Though PET and DAT scans may aid the diagnosis of Parkinson’s disease or PD, it cannot differentiate PD and Parkinsonian subtypes. Clinical findings are still used to diagnose PD. However, a study published in the June issue of the Neurology Journal (the official Journal of the American Academy of Neurology) says the four main motor symptoms of PD including shaking or tremor, slowness of movement (bradykinesia), stiffness or rigidity of the arms, legs or trunk, and trouble with balance and possible falls (postural instability) are not unique to the disease but can be found in other neurodegenerative disorders. This implies the need to understand the patient’s health condition better and the importance of complete and accurate neurology documentation.
In order to diagnose PD accurately, the following information is essential according to the National Parkinson Foundation.

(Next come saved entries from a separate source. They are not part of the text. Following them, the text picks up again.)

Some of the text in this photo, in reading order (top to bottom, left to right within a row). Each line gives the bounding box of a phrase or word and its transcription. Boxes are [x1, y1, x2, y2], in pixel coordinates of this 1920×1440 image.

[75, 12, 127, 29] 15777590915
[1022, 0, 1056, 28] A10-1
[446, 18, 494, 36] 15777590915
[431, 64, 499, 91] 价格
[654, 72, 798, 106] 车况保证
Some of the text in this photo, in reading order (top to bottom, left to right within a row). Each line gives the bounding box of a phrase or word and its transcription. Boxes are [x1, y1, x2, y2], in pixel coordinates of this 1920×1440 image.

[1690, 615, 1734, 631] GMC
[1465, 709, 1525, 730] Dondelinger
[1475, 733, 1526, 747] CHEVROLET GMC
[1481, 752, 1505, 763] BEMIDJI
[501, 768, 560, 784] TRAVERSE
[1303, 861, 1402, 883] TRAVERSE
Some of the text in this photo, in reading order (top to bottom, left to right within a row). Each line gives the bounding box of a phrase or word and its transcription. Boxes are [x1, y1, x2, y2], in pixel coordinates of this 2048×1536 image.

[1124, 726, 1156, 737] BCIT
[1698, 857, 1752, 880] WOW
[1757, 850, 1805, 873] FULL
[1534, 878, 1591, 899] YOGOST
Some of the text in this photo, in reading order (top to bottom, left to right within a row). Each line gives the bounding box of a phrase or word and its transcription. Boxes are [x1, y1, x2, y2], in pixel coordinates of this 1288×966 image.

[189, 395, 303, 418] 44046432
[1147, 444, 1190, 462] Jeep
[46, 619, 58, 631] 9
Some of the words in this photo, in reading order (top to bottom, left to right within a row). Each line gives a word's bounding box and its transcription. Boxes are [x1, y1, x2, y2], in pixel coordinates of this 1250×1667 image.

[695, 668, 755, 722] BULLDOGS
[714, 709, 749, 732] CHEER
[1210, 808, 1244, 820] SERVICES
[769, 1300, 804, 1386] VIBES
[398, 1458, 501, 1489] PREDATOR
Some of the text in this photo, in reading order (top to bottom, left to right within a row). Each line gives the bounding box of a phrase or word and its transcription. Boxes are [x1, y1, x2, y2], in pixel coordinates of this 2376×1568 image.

- A detailed medical history and details of physical examination
- A detailed history of current and past medications so that the neurologist can ensure the patient is not taking any medications that will cause symptoms similar to PD
- Results of detailed neurological examination
- United Parkinson’s Disease Rating Scale (UPDRS) recorded during the exam, which is a universal scale of PD symptoms and created to assess and document the exam of the patient comprehensively and compare it with the patient’s future follow-up visits or to communicate the progress of PD symptoms with other neurologists
- Response to medications
From this, it is quite evident that comprehensive and standardized clinical documentation is inevitable for correct diagnosis. Such kind of documentation can help neurologists to understand not only motor symptoms, but also non-motor symptoms of PD including cognitive impairment, sleep disturbances, depression and so on. The study author says if you follow the patients and study their responses to medications longer, the probability of making an accurate diagnosis is higher. This means timely clinical documentation comprised of medication response and details of follow up visits can facilitate correct diagnosis.
With built-in symptom based templates for gait disorders, sensory loss etc., and condition-based templates for PD, electronic medical records (EMRs) are quite effective at providing standardized clinical documentation. However, providers must ensure that they avoid errors such as missed data, incorrect data or incomplete data. Such errors will be propagated to other records quickly and the end result may be disastrous. Busy physicians can continue to make use of medical transcription services if they so prefer because reputable transcription companies offer value-added services in this regard. They allow providers to upload their audio files to the medical transcription company’s online platform, where their transcriptionists transcribe the information. After quality review is complete, the transcribed files can be imported into the provider’s EMR system.
EMRs will become more sophisticated with the development of DRT or discrete reportable transcription. With this, providers can continue the method of dictation and transcription instead of using EMR templates. DRT will directly interface the dictated patient information into the appropriate EMR section. Once DRT technology is in place, the returned transcription can be integrated into the EMR system – each piece of data will be sent to its exact location within the EMR.